24. Célula hospedeira, de acordo com a reivindicação 23, caracterizada pelo fato de que a linhagem de células de mamífero é uma linhagem de células CHO.

25. Método de produção de um anticorpo caracterizado pelo fato de que compreende cultivar a célula hospedeira como definida em qualquer uma das reivindicações 21 a 24 sob condições que resultem na produção do anticorpo como definido em qualquer uma das reivindicações 1 a 9 e purificação do anticorpo a partir do sobrenadante da cultura.

26. Uso do anticorpo, como definido em qualquer uma das reivindicações 1 a 9, da composição farmacêutica como definida na reivindicação 10, do polinucleotídeo como definido na reivindicação 19, do vetor como definido na reivindicação 20 ou da célula hospedeira como definida em qualquer uma das reivindicações 21 a 24 caracterizado pelo fato de ser na fabricação de um medicamento para tratar um transtorno.
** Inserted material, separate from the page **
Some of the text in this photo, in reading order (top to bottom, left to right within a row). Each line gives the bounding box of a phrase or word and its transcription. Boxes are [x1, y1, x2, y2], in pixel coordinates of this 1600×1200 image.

27. Uso de um anticorpo como definido em qualquer uma das reivindicações 1 a 9, ou de uma composição farmacêutica como definida na reivindicação 10, caracterizado pelo fato de ser na fabricação de um medicamento ou um kit para o tratamento de câncer, opcionalmente em que o câncer é selecionado a partir do grupo que consiste em câncer de mama, ovário, tireoide, próstata, cervical, pulmão, bexiga, endometrial, de cabeça e pescoço, testicular, glioblastoma e câncer do sistema digestivo.

28. Uso de acordo com a reivindicação 27, caracterizado pelo fato de que a resposta imune mediada por células T é modulada ou em que o crescimento de células tumorais é inibido.
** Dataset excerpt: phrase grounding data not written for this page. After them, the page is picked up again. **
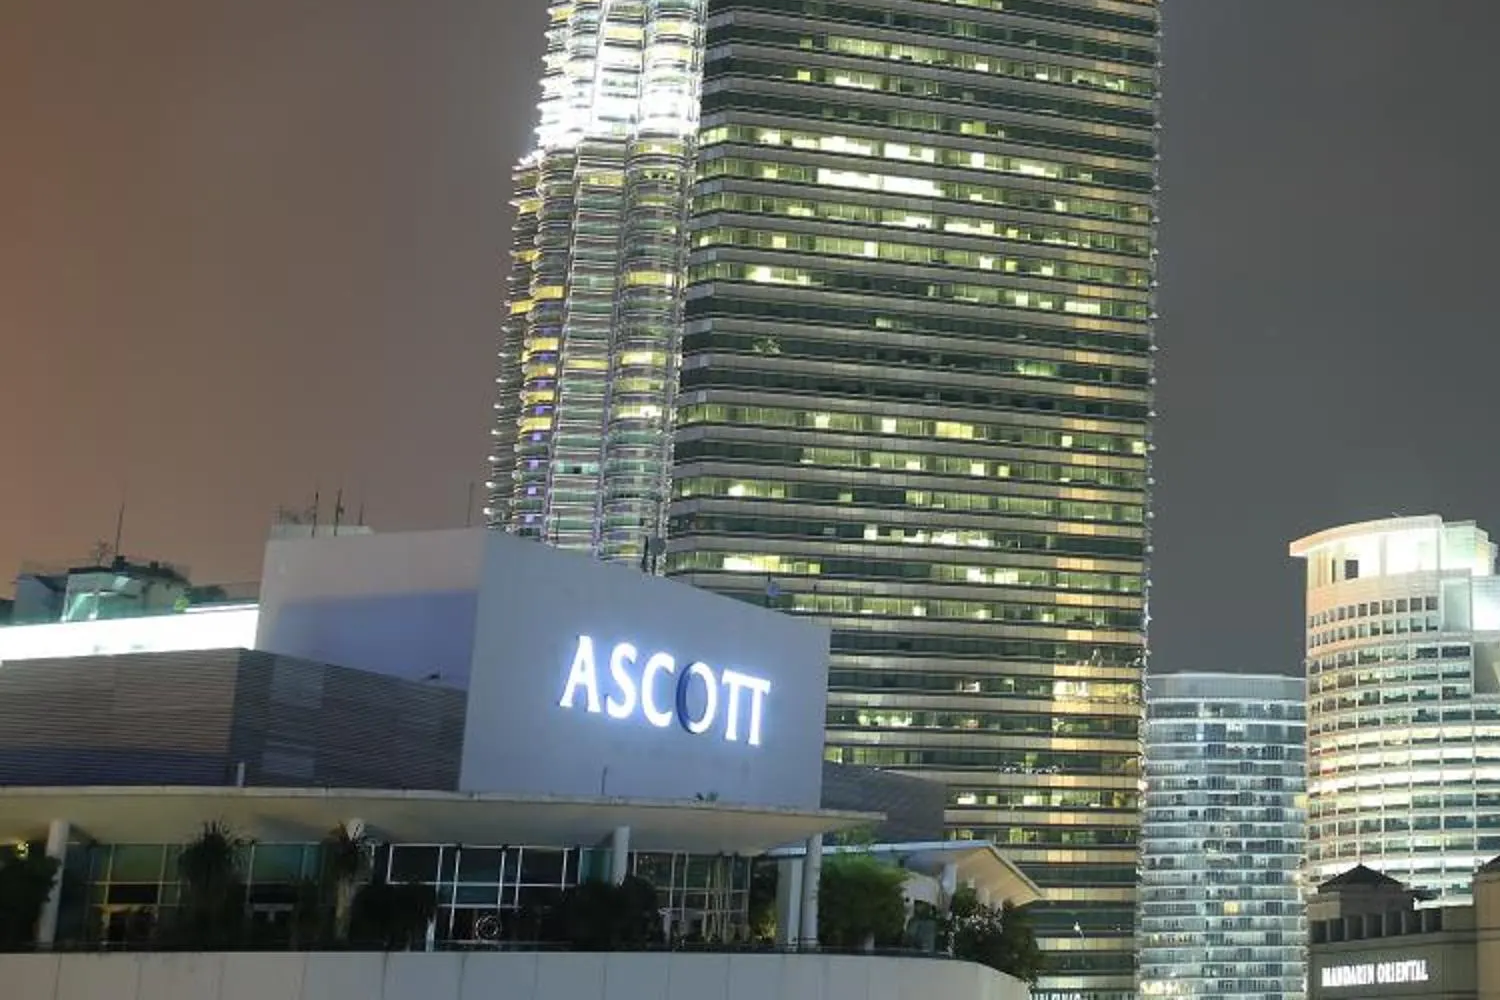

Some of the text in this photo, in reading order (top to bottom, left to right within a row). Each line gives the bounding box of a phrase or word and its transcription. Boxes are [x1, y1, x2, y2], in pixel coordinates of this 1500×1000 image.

[559, 635, 771, 746] ASCOTT
[1322, 959, 1429, 987] MANDARIN ORIENTAL
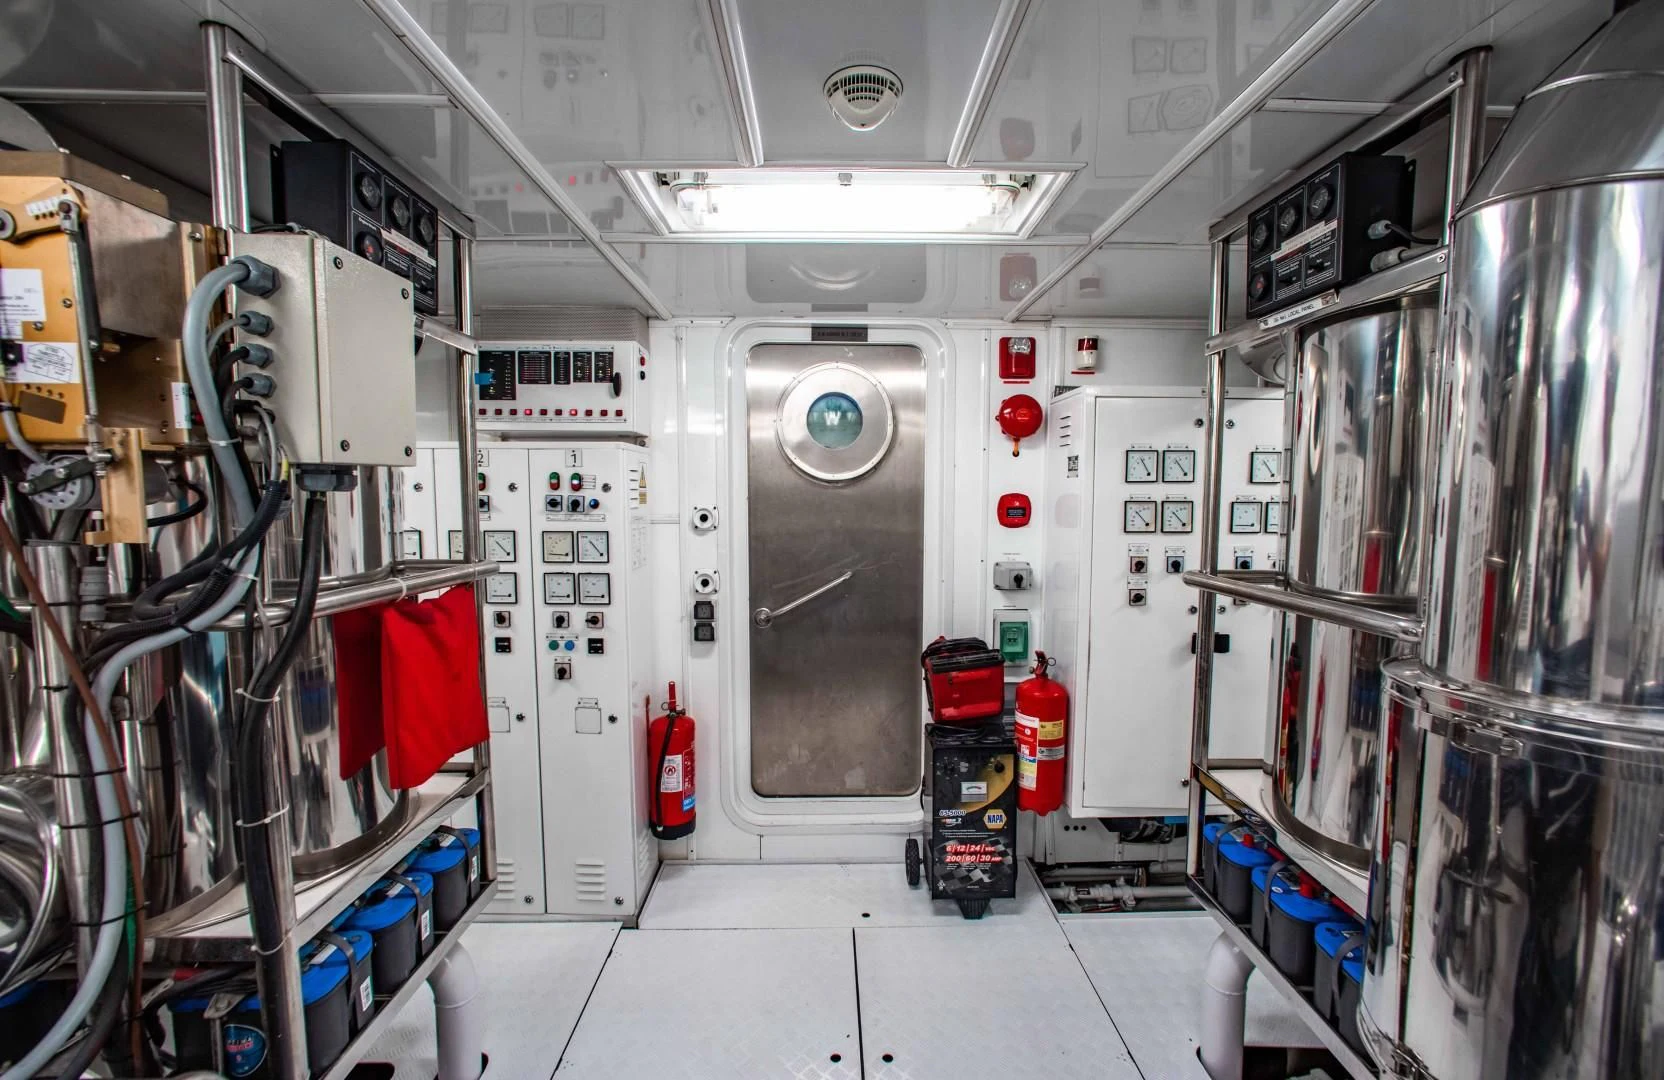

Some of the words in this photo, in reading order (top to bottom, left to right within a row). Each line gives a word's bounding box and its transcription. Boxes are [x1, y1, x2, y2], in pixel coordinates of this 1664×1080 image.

[1287, 309, 1301, 318] LOCAL
[1301, 303, 1315, 312] PANEL
[477, 453, 484, 464] 2
[570, 453, 577, 463] 1
[987, 814, 1004, 824] NAPA
29. Invenção, caracterizada pelo fato de que está sob qualquer forma das suas concretizações ou em qualquer categoria de reivindicação que se possa reivindicar, por exemplo, produto, ou processo, ou uso abrangido pelo objeto inicialmente descrito, revelado, ou ilustrado no pedido de patente, ou Kit, caracterizado pelo fato de que compreende um anticorpo como definido em qualquer uma das reivindicações 1 a 9, ou uma composição farmacêutica como definida na reivindicação 10 e instruções para uso, opcionalmente compreendendo um ou mais agentes profiláticos ou terapêuticos; Uso do anticorpo, como definido em qualquer uma das reivindicações 1 a 9, da composição farmacêutica como definida na reivindicação 10, do polinucleotídeo como definido na reivindicação 19, do vetor como definido na reivindicação 20 ou da célula hospedeira como definida em qualquer uma das reivindicações 21 a 24 caracterizado pelo fato de ser na fabricação de um medicamento para modulação de uma resposta imune mediada por células T em um indivíduo que precisa do mesmo; Uso do anticorpo, como definido em qualquer uma das reivindicações 1 a 9, da composição farmacêutica como definida na reivindicação 10, do polinucleotídeo como definido na reivindicação 19, do vetor como definido na reivindicação 20 ou da célula hospedeira como definida em qualquer uma das reivindicações 21 a 24 caracterizado pelo fato de ser na fabricação de um medicamento para inibir o crescimento de células tumorais em um indivíduo.